Unless otherwise indicated herein, the materials described in this section are not prior art to the claims in this application and are not admitted to be prior art by inclusion in this section.
Wheelchair accidents cause injuries with short and long-term consequences (e.g., bed rest, hospitalization, additional disabilities). The medical and recovery expenses of these accidents impose significant economic and social burdens to the patient and the healthcare system (often between $25,000 and $75,000). Over the last 14 years, such accidents registered a compound annual growth rate of 5% where the total number of wheelchair riders has also grown at the same rate. Despite the high accident rate and high cost of incurring these injuries, there are very few technologies to protect the wheelchair riders in case of a fall.
One of these technologies is using anti tippers, which are offered in most power wheelchairs as an “add on” option. Front and rear anti-tippers are attached to increase stability on inclined terrain. But there are no anti tippers to make the chair stable in side falls. Moreover, the main reason for using anti tippers is preventing fall. In case of a fall accident, anti-tippers would not provide any protection to user's critical body parts.
In addition, since 2007, ten million Americans were diagnosed with osteoporosis and 329,000 hip fractures have since been reported. Femoral neck (found in the hip joint) of elderly people can become fragile due to the age. An impact, such as a fall, creates a torque on the femur shaft and femur head that can break the femur neck. One of the highest risks of hip fracture is the post-fracture consequence, such as infections, cardiovascular events, and thromboembolism. These consequences have been linked with a high death rate. Due to an increase in life expectancy, hip fractures are expected to rise from 1.66 million in 1990 to 6.26 million by 2050.

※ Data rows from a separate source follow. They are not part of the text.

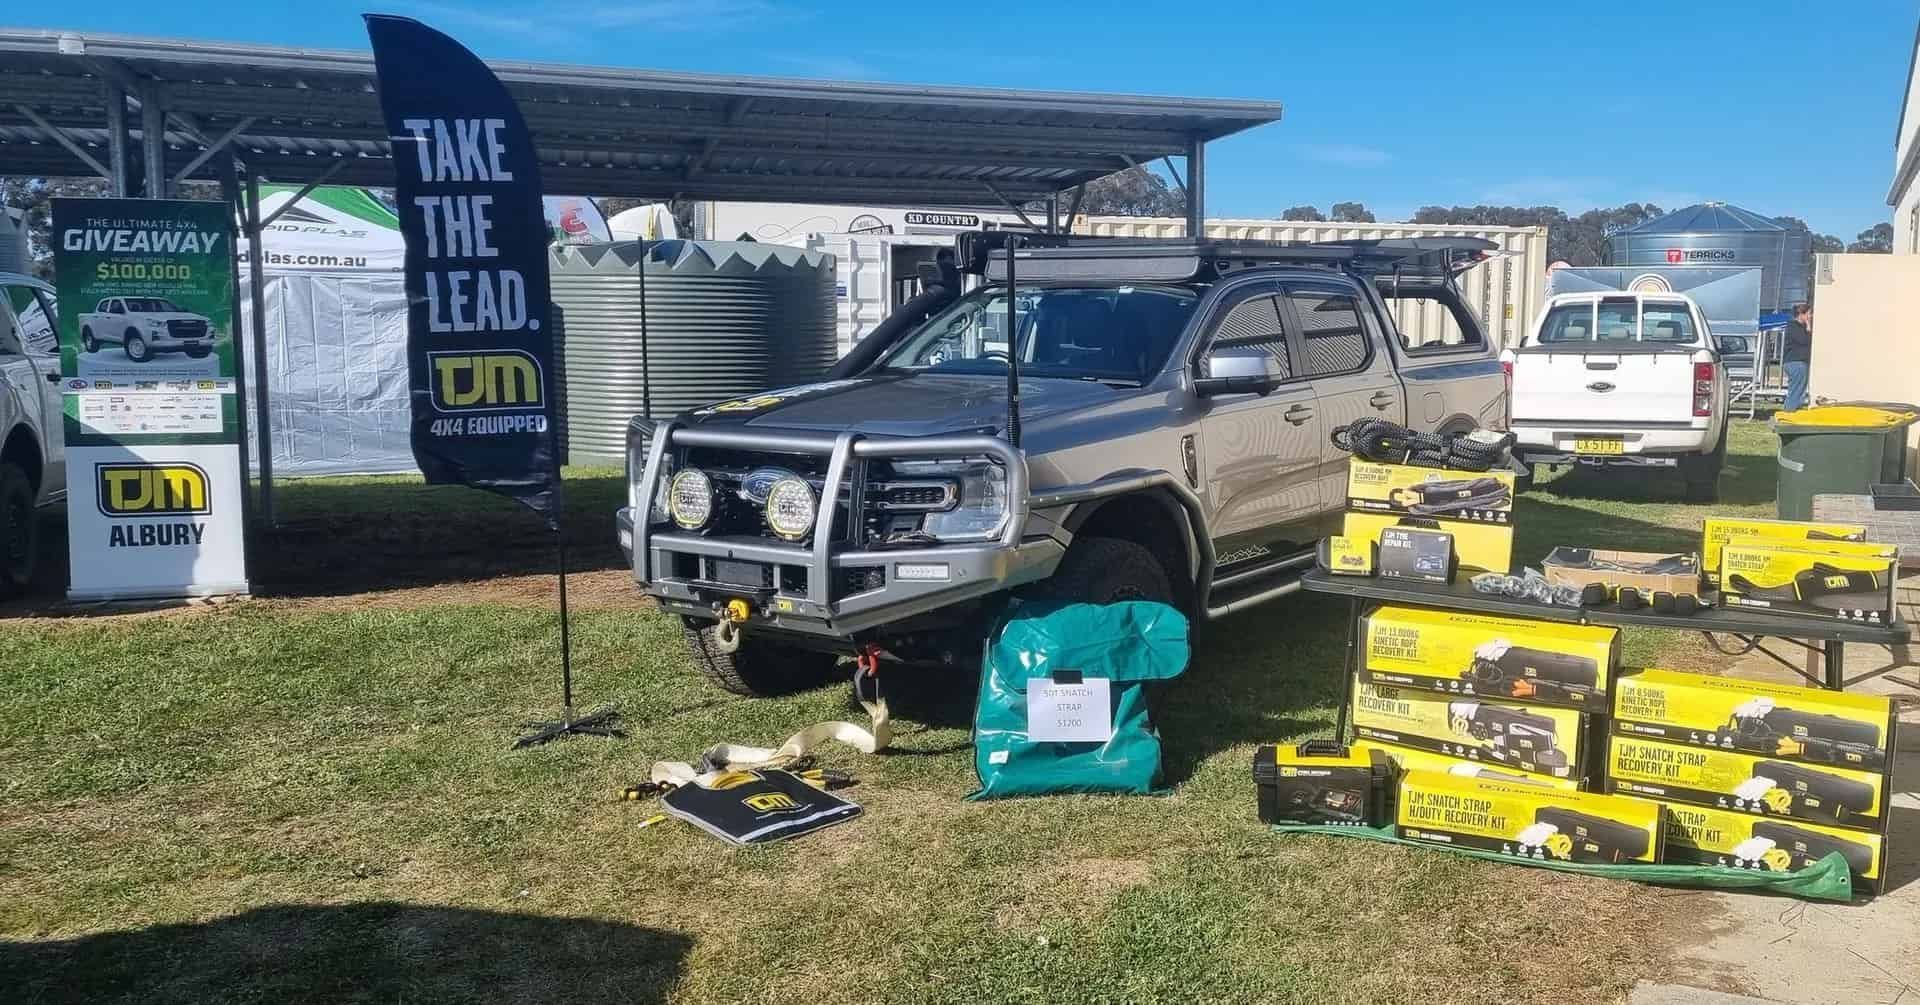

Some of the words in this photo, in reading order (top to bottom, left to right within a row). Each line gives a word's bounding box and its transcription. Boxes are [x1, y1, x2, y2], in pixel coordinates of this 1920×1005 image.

[403, 118, 513, 182] TAKE
[87, 218, 112, 228] THE
[113, 219, 172, 229] ULTIMATE
[414, 196, 498, 258] THE
[908, 213, 923, 223] KD
[926, 214, 977, 225] COUNTRY
[63, 229, 220, 254] GIVEAWAY
[1684, 250, 1735, 259] TERRICKS
[97, 262, 191, 280] $100,000
[425, 269, 540, 333] LEAD.
[434, 355, 539, 406] TJM
[431, 417, 464, 437] 4X4
[467, 415, 548, 435] EQUIPPED
[103, 469, 204, 510] TJM
[109, 523, 206, 547] ALBURY
[1061, 688, 1093, 697] SNATCH
[1377, 685, 1400, 699] LARGE
[1056, 703, 1082, 712] STRAP
[1359, 696, 1396, 712] RECOVERY
[1398, 702, 1410, 715] KIT
[1621, 704, 1653, 716] RECOVERY
[1654, 708, 1666, 718] KIT
[1619, 743, 1636, 758] TJM
[1639, 747, 1673, 763] SNATCH
[1676, 752, 1706, 767] STRAP
[1617, 757, 1662, 775] RECOVERY
[1665, 765, 1680, 777] KIT
[1408, 790, 1424, 805] TJM
[1427, 793, 1460, 810] SNATCH
[1463, 798, 1492, 814] STRAP
[1409, 804, 1442, 820] H/DUTY
[1445, 809, 1489, 828] RECOVERY
[1491, 816, 1507, 830] KIT
[1677, 811, 1706, 826] STRAP
[1706, 829, 1721, 843] KIT
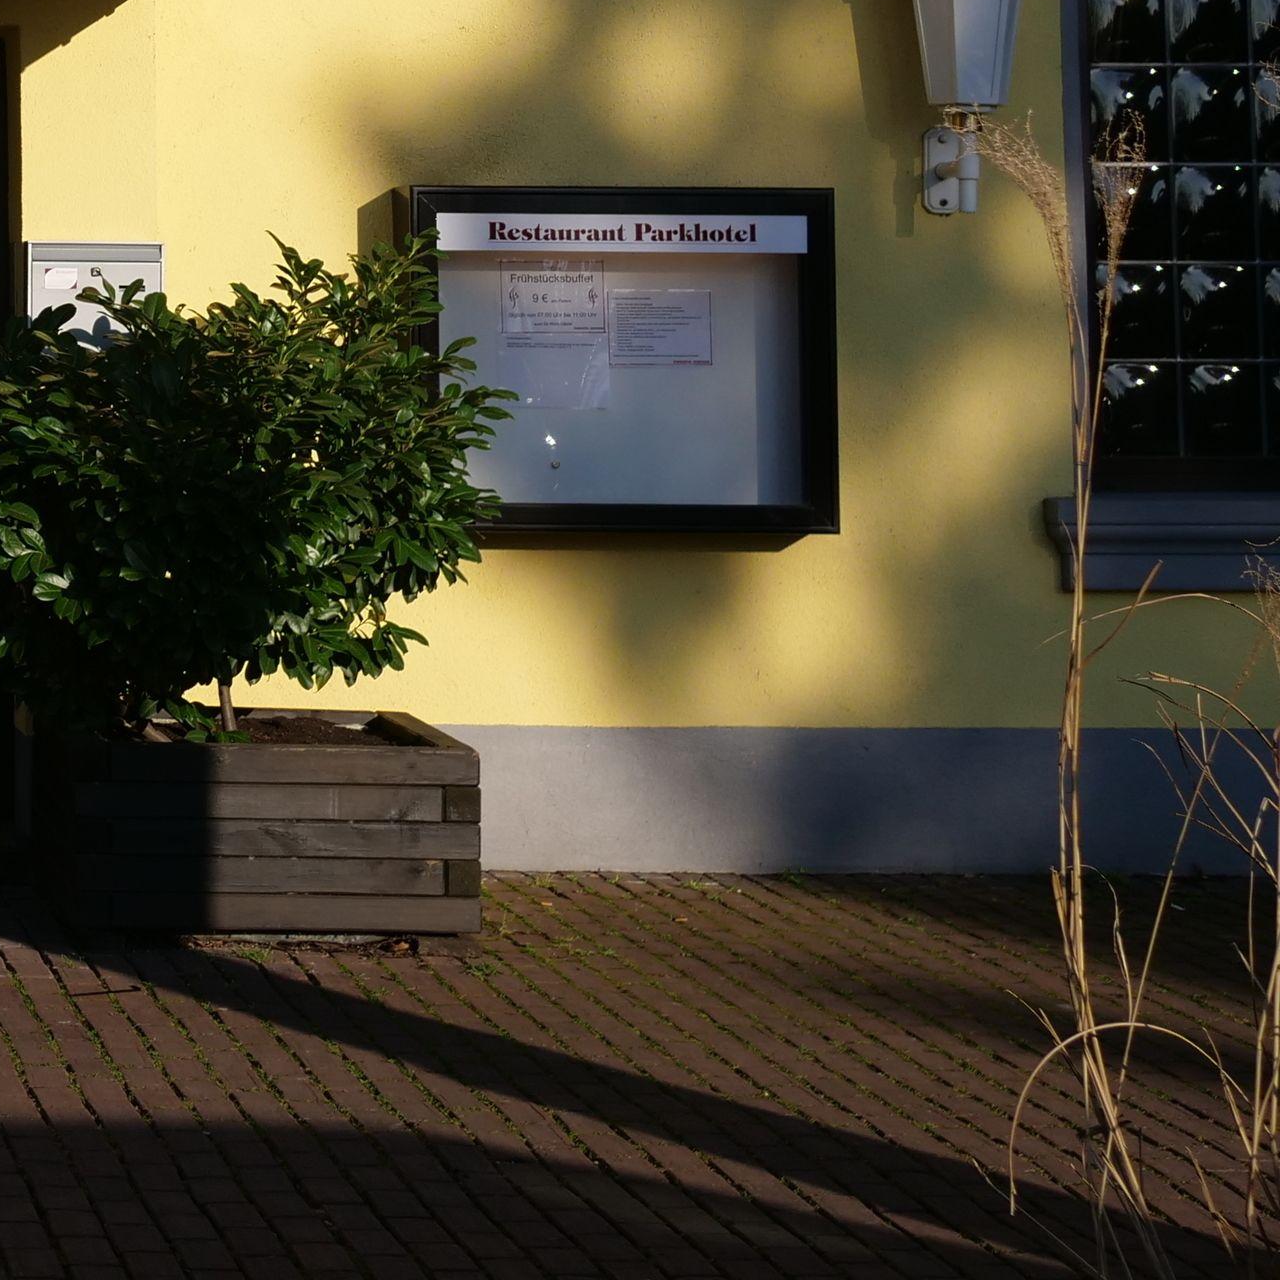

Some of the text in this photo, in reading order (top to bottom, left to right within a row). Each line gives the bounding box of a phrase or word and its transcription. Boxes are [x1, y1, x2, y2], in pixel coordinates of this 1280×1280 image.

Using traditional airbags on wheelchairs, which are single use airbags, can be expensive and complicated for average wheelchairs/power chairs. Traditional airbags also use chemical reaction which is difficult to control and can be dangerous.
A wearable airbag system disclosed by Fukaya et. al. “Protection against impact with the ground using wearable airbags”, Ind Health, 2008, 46(1), 59-65, relies on a one time use container of compressed gas to inflate the airbag(s). While compressed gas containers, are safer and more cost efficient than traditional airbags, there are problems associated with them as well. They are one-time use which means that once the compressed gas is expelled, the container must be replaced or re-filled with gas prior to the next use. The size and deployment time of airbag is also limited to the size and pressure of the gas container.

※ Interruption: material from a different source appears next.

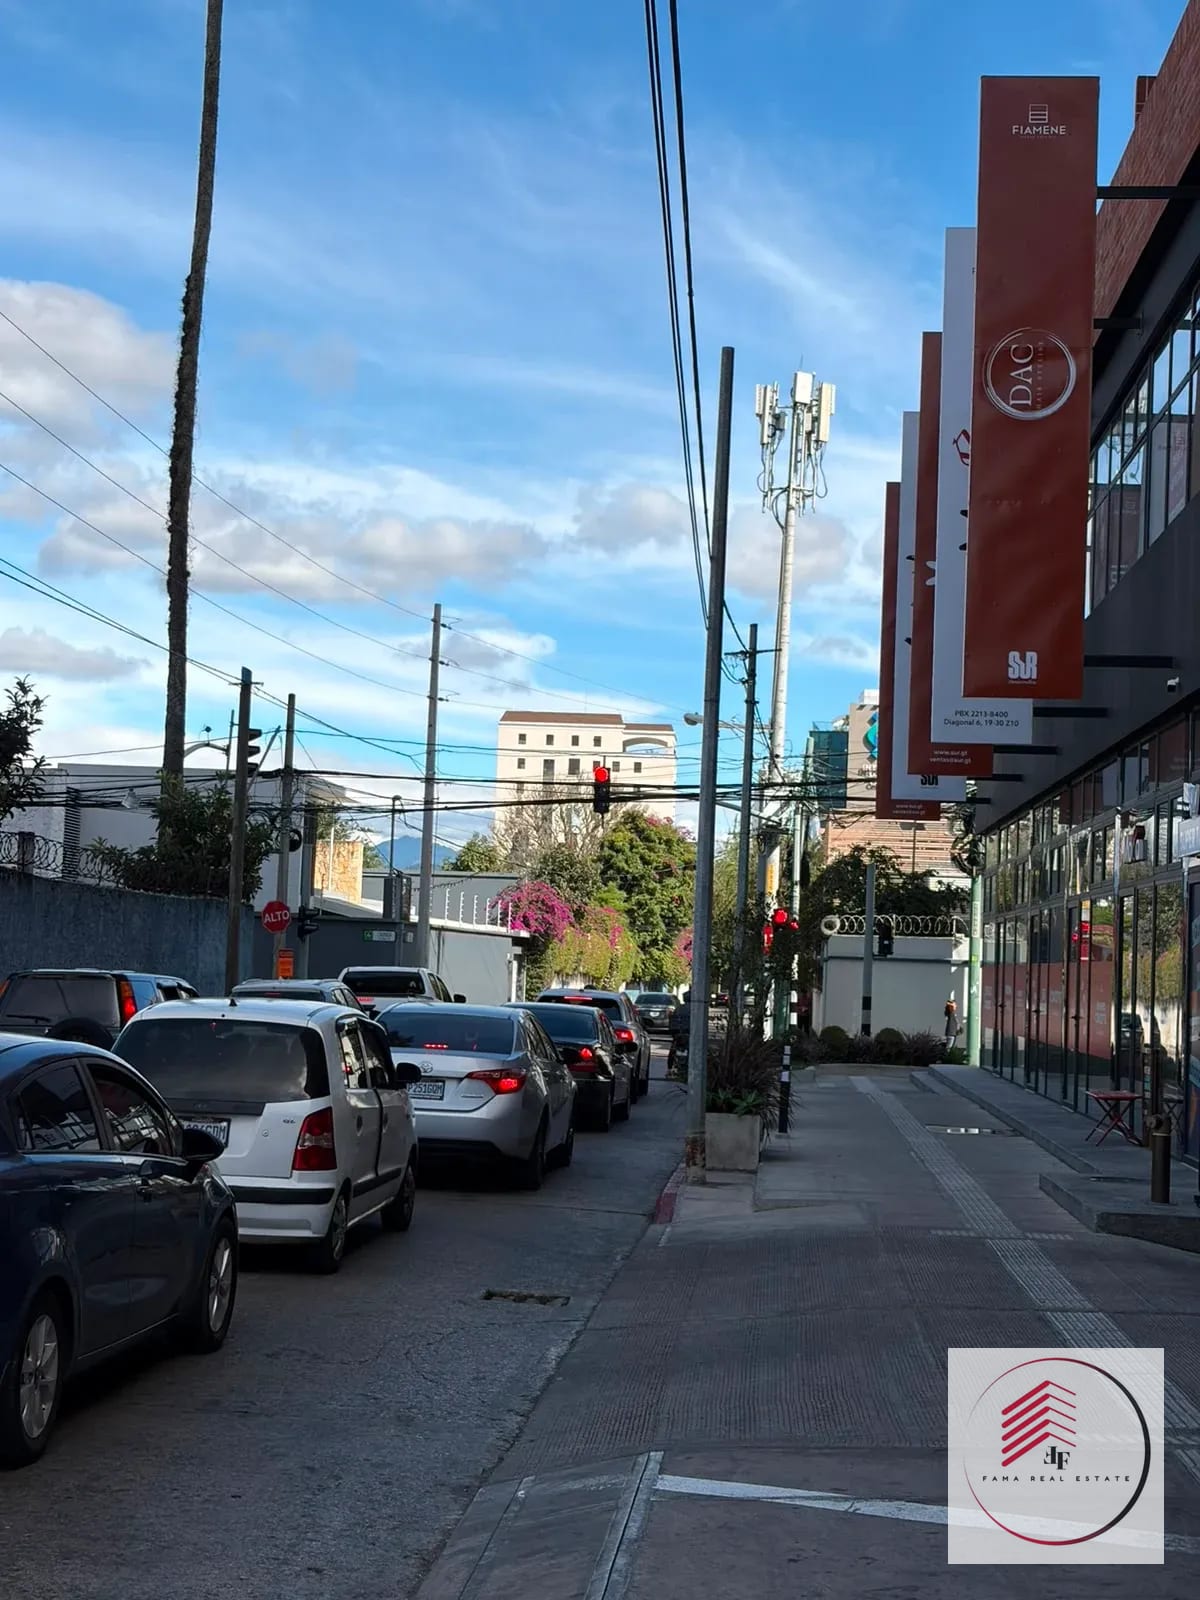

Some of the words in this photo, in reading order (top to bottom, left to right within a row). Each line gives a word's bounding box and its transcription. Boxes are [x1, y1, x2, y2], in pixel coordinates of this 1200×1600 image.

Furthermore, wearable airbag system configurations include a body-worn gear, which is detachably fitted to the wheelchair user and to which the air bag is attached, to ensure that the air bag may cover the determined parts of the user. So, in order to protect the rider, he/she needs to wear an extra piece of clothing which is heavy and bulky. The inconvenience causes less compliance among riders and as a result, the chance of protecting during fall decreases.